HMGB1-mediated macrophage regulation of NF-κB activation and MMP3 upregulation in nucleus pulposus cells: A critical mechanism in the vicious cycle of intervertebral disc degeneration.

Intervertebral disc degeneration (IVDD) is a leading cause of low back pain, primarily driven by inflammatory processes within the disc, particularly involving the infiltration and activity of macrophages. High Mobility Group Box 1 (HMGB1) has been identified as a crucial mediator in this inflammatory cascade, yet its precise role in macrophage-induced disc degeneration remains unclear.
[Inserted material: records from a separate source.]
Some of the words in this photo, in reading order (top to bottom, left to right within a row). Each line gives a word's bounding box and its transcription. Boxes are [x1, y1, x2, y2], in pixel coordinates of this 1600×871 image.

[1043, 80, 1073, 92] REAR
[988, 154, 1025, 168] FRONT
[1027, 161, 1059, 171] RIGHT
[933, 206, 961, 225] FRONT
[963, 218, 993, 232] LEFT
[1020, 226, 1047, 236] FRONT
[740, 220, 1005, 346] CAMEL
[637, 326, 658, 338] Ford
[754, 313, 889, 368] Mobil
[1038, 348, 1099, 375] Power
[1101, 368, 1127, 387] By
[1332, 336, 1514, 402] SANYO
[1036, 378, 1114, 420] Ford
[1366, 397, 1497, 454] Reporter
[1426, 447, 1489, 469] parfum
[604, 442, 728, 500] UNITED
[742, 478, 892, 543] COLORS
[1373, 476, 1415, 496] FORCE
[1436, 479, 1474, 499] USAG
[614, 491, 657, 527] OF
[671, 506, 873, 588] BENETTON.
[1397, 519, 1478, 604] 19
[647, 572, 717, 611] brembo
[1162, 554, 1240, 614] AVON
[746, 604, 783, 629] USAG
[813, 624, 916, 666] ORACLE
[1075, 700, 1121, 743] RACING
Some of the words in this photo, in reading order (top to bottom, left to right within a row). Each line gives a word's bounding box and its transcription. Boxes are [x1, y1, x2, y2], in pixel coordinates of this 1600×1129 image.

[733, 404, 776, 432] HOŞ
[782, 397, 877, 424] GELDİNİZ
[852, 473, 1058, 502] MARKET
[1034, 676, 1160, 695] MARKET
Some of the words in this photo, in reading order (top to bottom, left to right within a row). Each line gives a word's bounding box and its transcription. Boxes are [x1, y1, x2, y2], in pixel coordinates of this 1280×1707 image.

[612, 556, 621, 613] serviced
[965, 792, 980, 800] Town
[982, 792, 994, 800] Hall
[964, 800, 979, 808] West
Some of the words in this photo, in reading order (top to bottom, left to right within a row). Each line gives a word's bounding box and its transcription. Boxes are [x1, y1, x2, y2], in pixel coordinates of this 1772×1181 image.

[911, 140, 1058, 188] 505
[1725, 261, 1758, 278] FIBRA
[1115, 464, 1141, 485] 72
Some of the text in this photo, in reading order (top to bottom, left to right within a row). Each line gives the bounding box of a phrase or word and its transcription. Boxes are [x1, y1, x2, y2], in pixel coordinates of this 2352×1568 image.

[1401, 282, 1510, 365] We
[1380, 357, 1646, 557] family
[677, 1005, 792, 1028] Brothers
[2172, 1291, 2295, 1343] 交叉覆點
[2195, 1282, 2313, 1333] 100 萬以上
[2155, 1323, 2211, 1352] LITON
In this study, we employed a combination of in vivo and in vitro models, including genetically engineered mice with macrophage-specific overexpression of HMGB1, a rat model of IVDD, and cultured macrophages and nucleus pulposus cells (NPCs), to elucidate the role of HMGB1 in IVDD. Our findings reveal that HMGB1 overexpression in macrophages significantly accelerates IVDD progression by enhancing NF-κB activation and upregulating MMP3 expression in NPCs. Furthermore, the administration of glycyrrhizin (GL), an HMGB1 inhibitor, effectively mitigated these effects, delaying IVDD progression. This study not only uncovers the critical mechanisms by which HMGB1 regulates the interactions between macrophages and NPCs in the inflammatory microenvironment but also provides a theoretical framework for targeting HMGB1 as a potential therapeutic strategy for IVDD. Thus, our findings suggest a promising novel approach for the treatment of this condition.